E’  passata molta acqua sotto i ponti della Laguna, da quando Rem Koolhaas,  nel 1980, partecipò  alla  prima e indimenticabile Biennale di architettura a Venezia, curata da Paolo Portoghesi, dal titolo ‘La presenza del passato’. Oggi, nelle vesti di curatore, l’architetto olandese, ripensando alla  sua  partecipazione  a quella prima biennale, ne  ha invece rinnegato  i suoi intenti programmatici con un atteggiamento di critica ostile. Ma tante altre esposizioni ironiche, dissacranti e a volte effimere hanno animato i Giardini e Le Corderie dell’Arsenale, magici spazi veneziani carichi di una storia che si è dissolta rapidamente nel tempo senza lasciare tracce significative sugli sviluppi della disciplina. Una sfuggevole passerella di stili e di poetiche che nel peggiore dei casi si trasformava in una rassegna di monumenti a se stessa, con scenografie e apparati grafici pretestuosi che alimentavano il continuo rischio di perdita della dimensione collettiva ed urbana in definitiva sociale degli spazi, dimenticandosi che infondo l’Architettura è l’unica arte che mette in gioco il suo destino giorno per giorno, in una rassegna perenne sotto lo sguardo di tutti e in cui tutti sono all’unisono spettatori e protagonisti.

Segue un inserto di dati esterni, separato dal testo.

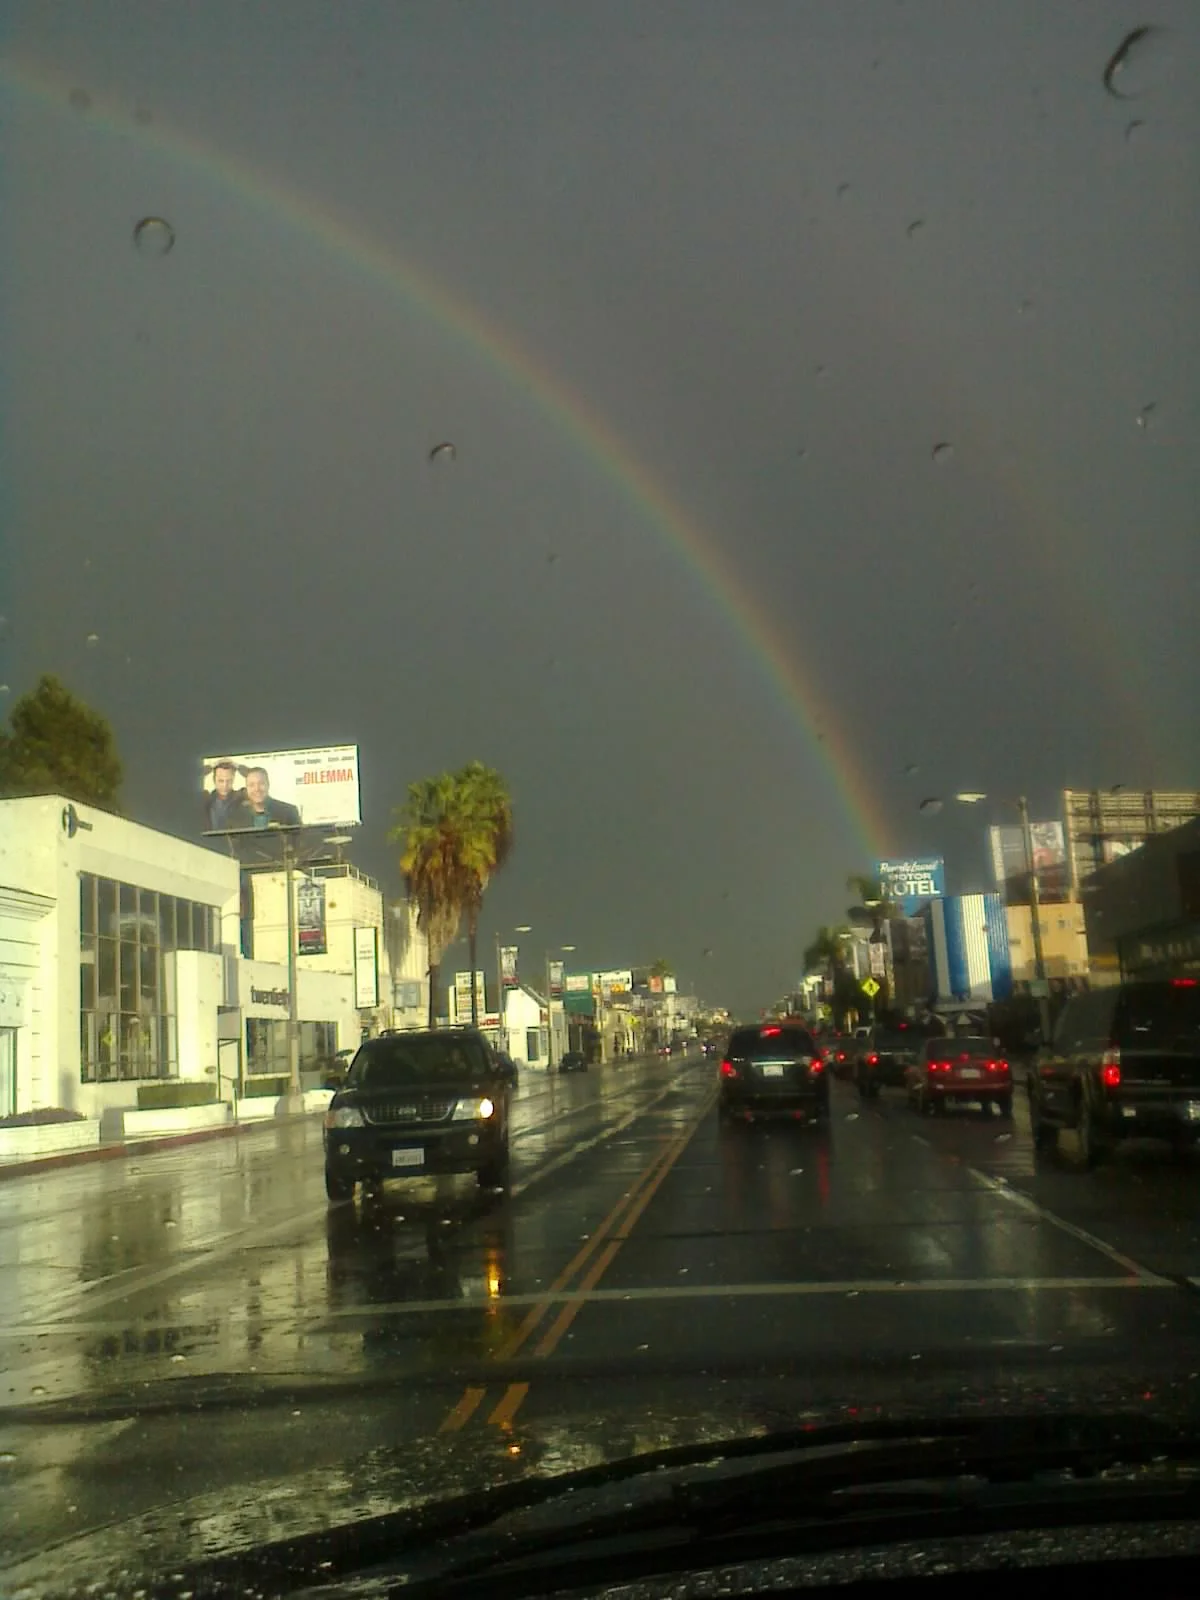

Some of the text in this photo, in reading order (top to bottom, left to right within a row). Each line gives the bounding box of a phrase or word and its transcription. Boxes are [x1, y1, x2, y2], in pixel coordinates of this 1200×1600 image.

[303, 768, 354, 785] DILEMMA
[888, 872, 932, 881] MOTOR
[880, 879, 941, 897] HOTEL

Quest’anno si è assistito ad un progetto che ha coinvolto tutta la biennale, insieme ad una folta equipe di ricercatori, nel tentativo di proporre una ricerca approfondita su un argomento specifico, differendosi profondamente dallo schema dell’edizioni precedenti. Lo scopo più o meno dichiarato è stato dunque di fare tabula rasa della deriva intrapresa in molte Biennali  del passato , quando il ruolo del curatore era di allestire degli spazi per le  archistar  chiamate a testimoniare il contemporaneo ed inevitabilmente a celebrare se stesse, con progetti spettacolari ed avveniristici. Con questa edizione Rem Koolhaas, da buon agitatore culturale, ha proposto la Mostra come la rappresentazione critica di un’indagine dello stato attuale del mondo dell’architettura concentrandosi in particolare sulle sue storie senza rinunciare ad immaginarne i suoi sviluppi futuri, ma con l’intento dichiarato di dimostrare nei fatti che ‘la storia dell’ultimo secolo può essere scritta senza menzionare un solo architetto di primo piano’. Ecco allora che se Fundamentals è il tema complessivo della mostra, la vera chiave di lettura di tutta quanta l’esposizione è insita nella dichiarazione semplice e  spietata che si legge nel retro di copertina del catalogo di questa 14° edizione della Biennale di Venezia: ‘Architettura (a capo) non architetti’. Significativa, se non provocatoria a tal proposito, l’assegnazione   più prestigiosa di questa edizione tutta controcorrente; il Leon d’Oro alla carriera non certo ad un archistar ma ad una figura animatrice culturale del movimento moderno nordamericano come l’architetto Phyllis Lambert , critica, studiosa e mecenate che ha condotto con sapiente e profondo coinvolgimento la regia di uno degli esempi più perfetti di architettura moderna del XX secolo come il Seagram Building a New York, assicurandosi che la sua costruzione fosse ad opera di Ludwig Mies van de Rhoe…. ‘Se gli architetti creano architettura; Phyllis Lambert ha creato architetti’ !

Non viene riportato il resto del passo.